The wife of Cobb County engineer Hemy Neuman has filed for divorce, one week after her husband was sentenced to life in prison for the murder of Rusty Sneiderman.

Thursday's filing in Fulton County Superior Court came as little surprise after Ariela Neuman announced her intentions in an exclusive interview published last week in The Atlanta Journal-Constitution.

"I delete this part of my life," she said of her 23-year marriage to Hemy Neuman. "Unfortunately, I was married to the wrong guy."

Ariela Neuman filed an action for separate maintenance against the former GE engineer in March 2011, a suit that, for the first time, made public allegations that her husband was engaged in an illicit affair with the widow of his victim.

Andrea Sneiderman, who has denied any romantic involvement with her former boss, played a prominent role in Hemy Neuman's murder trial. Both prosecution and defense implied she was involved in her husband's death.

DeKalb County District Attorney Robert James said he is considering bringing charges against the woman. The case was brought in DeKalb because the November 2010 killing occurred outside a Dunwoody daycare.

Hemy Neuman moved out of the Cobb County home he shared with Ariela in October 2010, a little more than a month before the shooting. Still, according to his estranged wife, she was the recipient of his first phone call from jail the night of his arrest.

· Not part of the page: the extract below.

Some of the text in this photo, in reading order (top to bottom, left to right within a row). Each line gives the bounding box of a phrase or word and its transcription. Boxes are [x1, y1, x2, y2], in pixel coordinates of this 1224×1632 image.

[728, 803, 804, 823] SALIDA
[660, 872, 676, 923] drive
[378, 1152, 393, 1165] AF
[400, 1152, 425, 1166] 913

A day later, Ariela Neuman told the AJC, she was informed by her husband's employer that he had been fired. Until then, she had been, at her husband's insistence, a stay-at-home mother. Now, she works three jobs.

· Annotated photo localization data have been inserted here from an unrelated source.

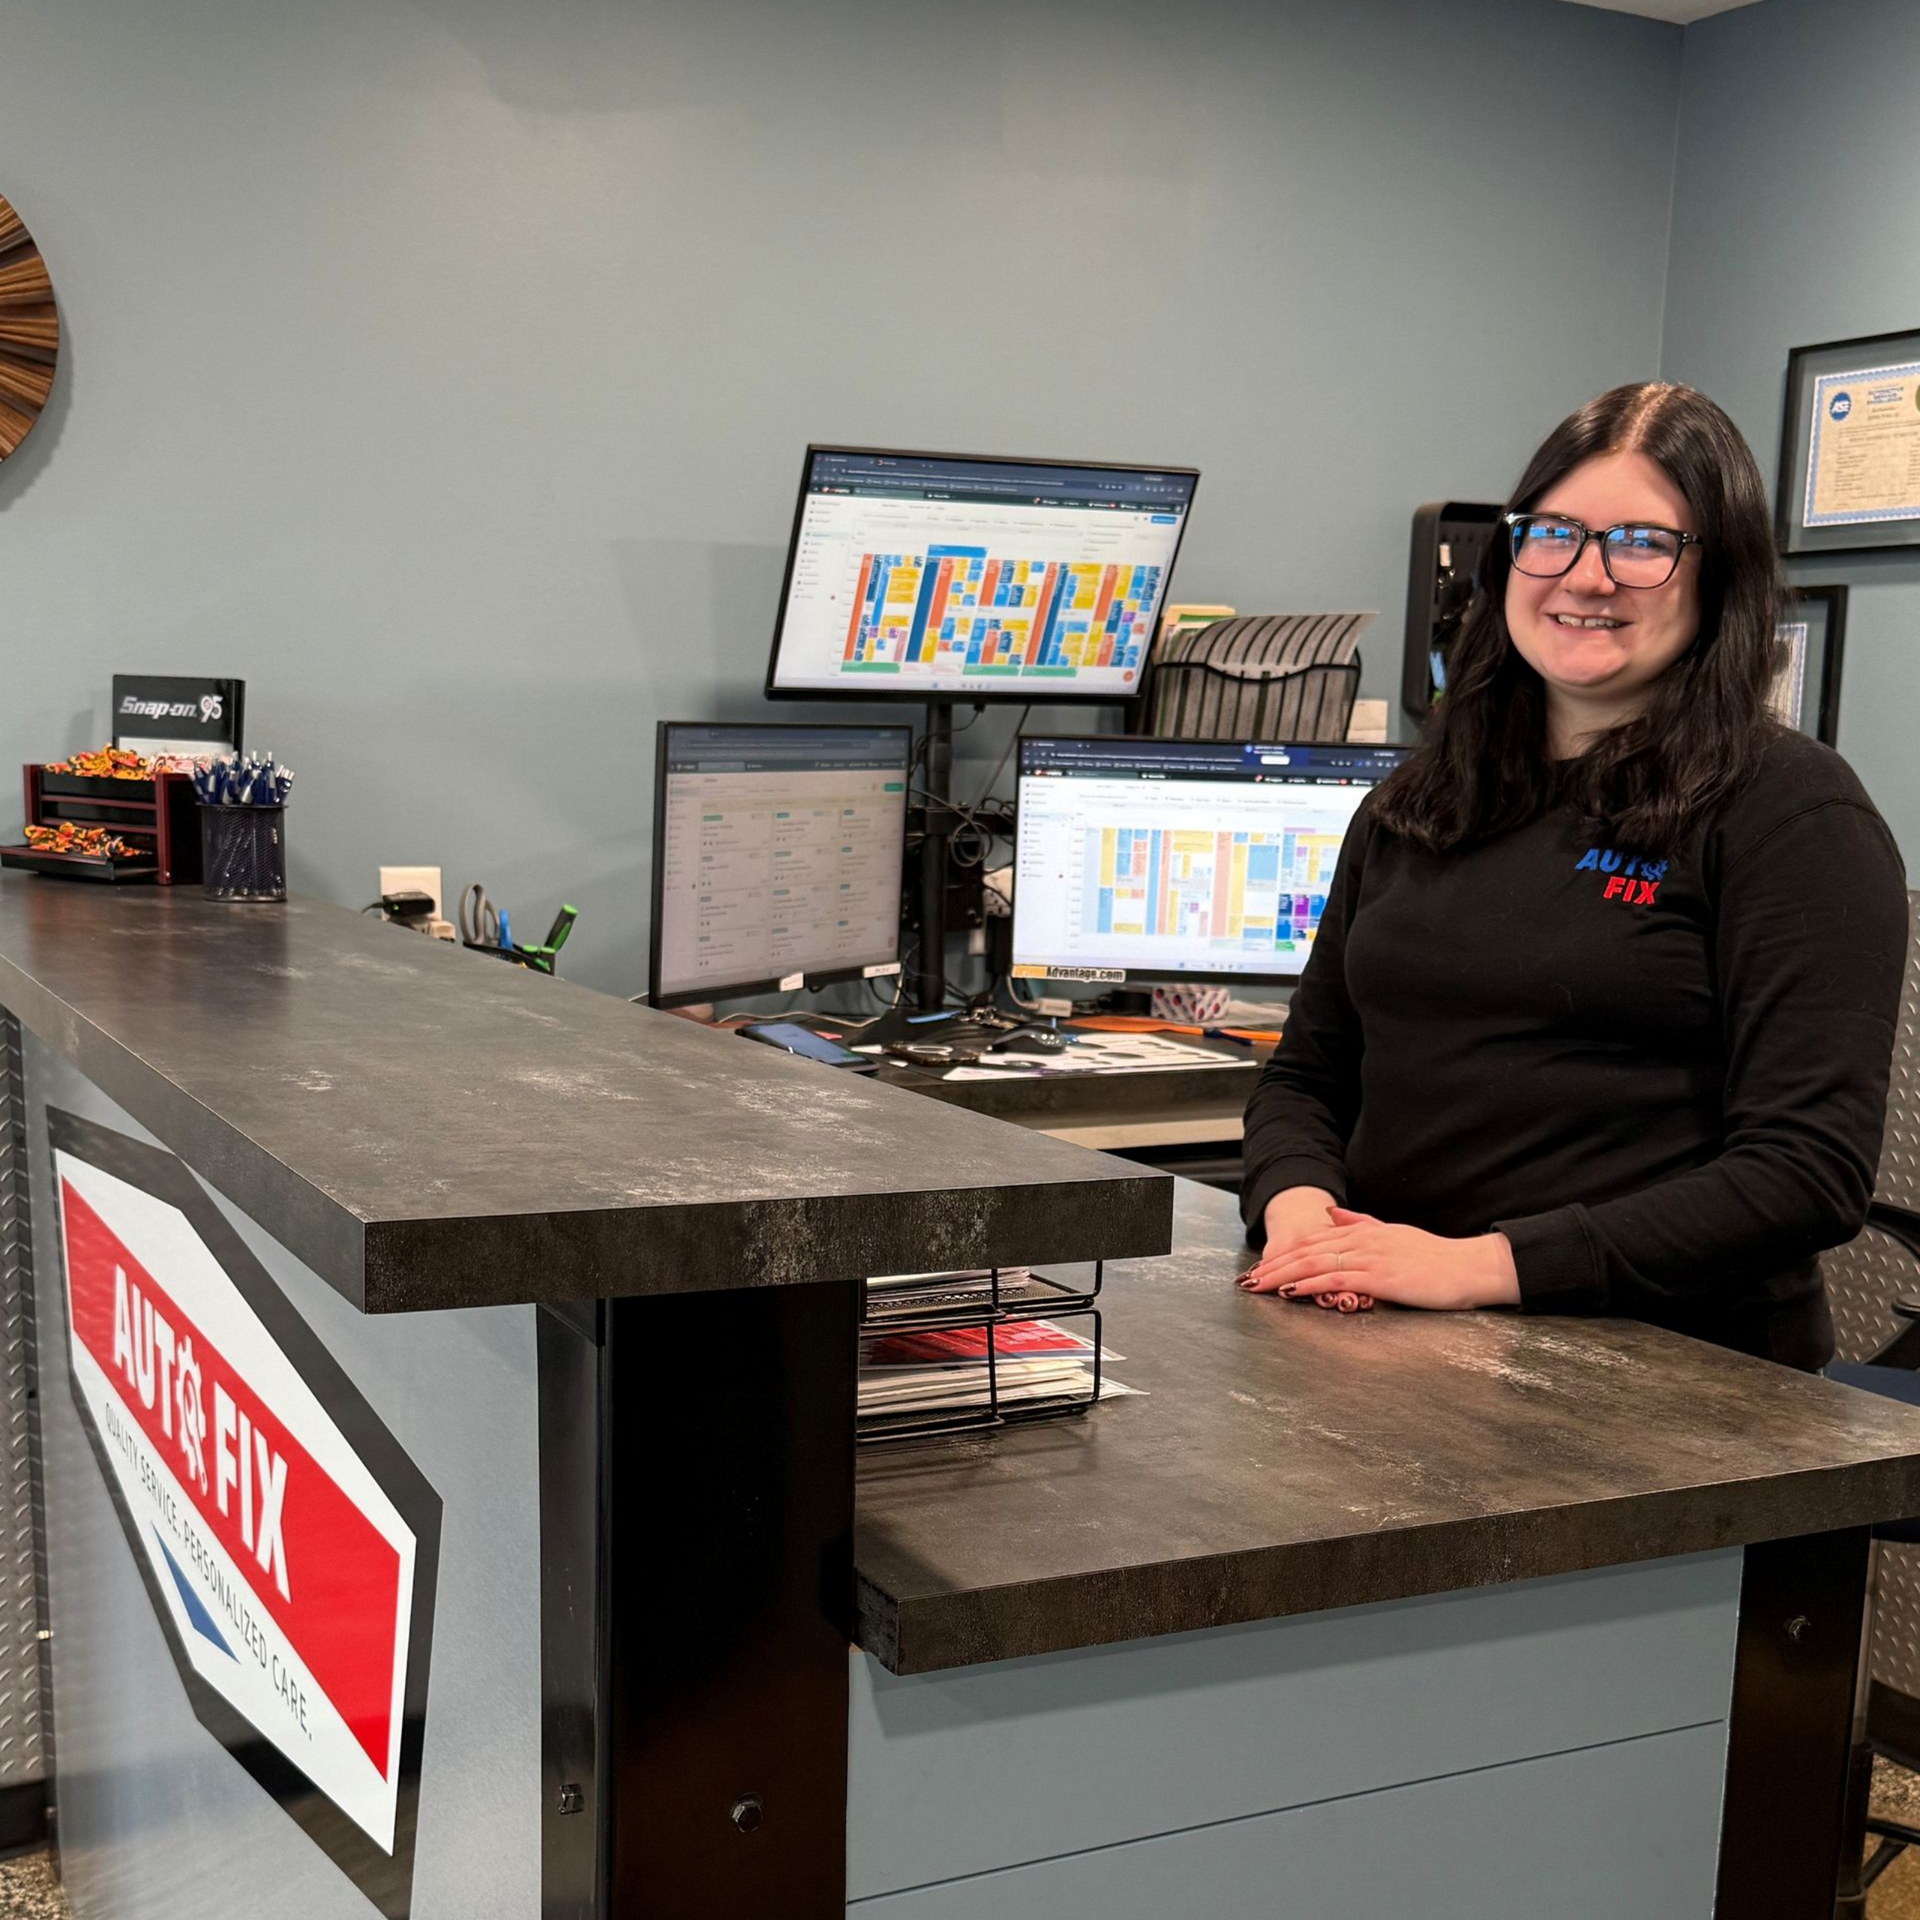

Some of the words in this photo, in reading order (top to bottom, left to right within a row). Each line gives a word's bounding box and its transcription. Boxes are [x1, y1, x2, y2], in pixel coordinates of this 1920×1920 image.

[119, 696, 197, 719] Snap-on
[200, 694, 223, 723] 95
[1603, 876, 1660, 905] FIX
[1046, 966, 1124, 981] Advantage.com
[113, 1263, 208, 1497] AUTO
[213, 1379, 291, 1604] FIX
[104, 1402, 138, 1466] QUALITY
[184, 1519, 267, 1669] PERSONALIZED
[272, 1654, 312, 1741] CARE.

"I live by pennies," Ariela Neuman said. "But I will keep smiling. I will keep being happy. I will keep my family moving on."

She filed for divorce in Fulton County because her husband had moved to the Buckhead area of Atlanta after leaving home.

In her filing, she seeks to have all debts transferred to her husband, who remains in DeKalb County Jail awaiting transfer to state prison in Jackson. She also asks that a judge restore her maiden name.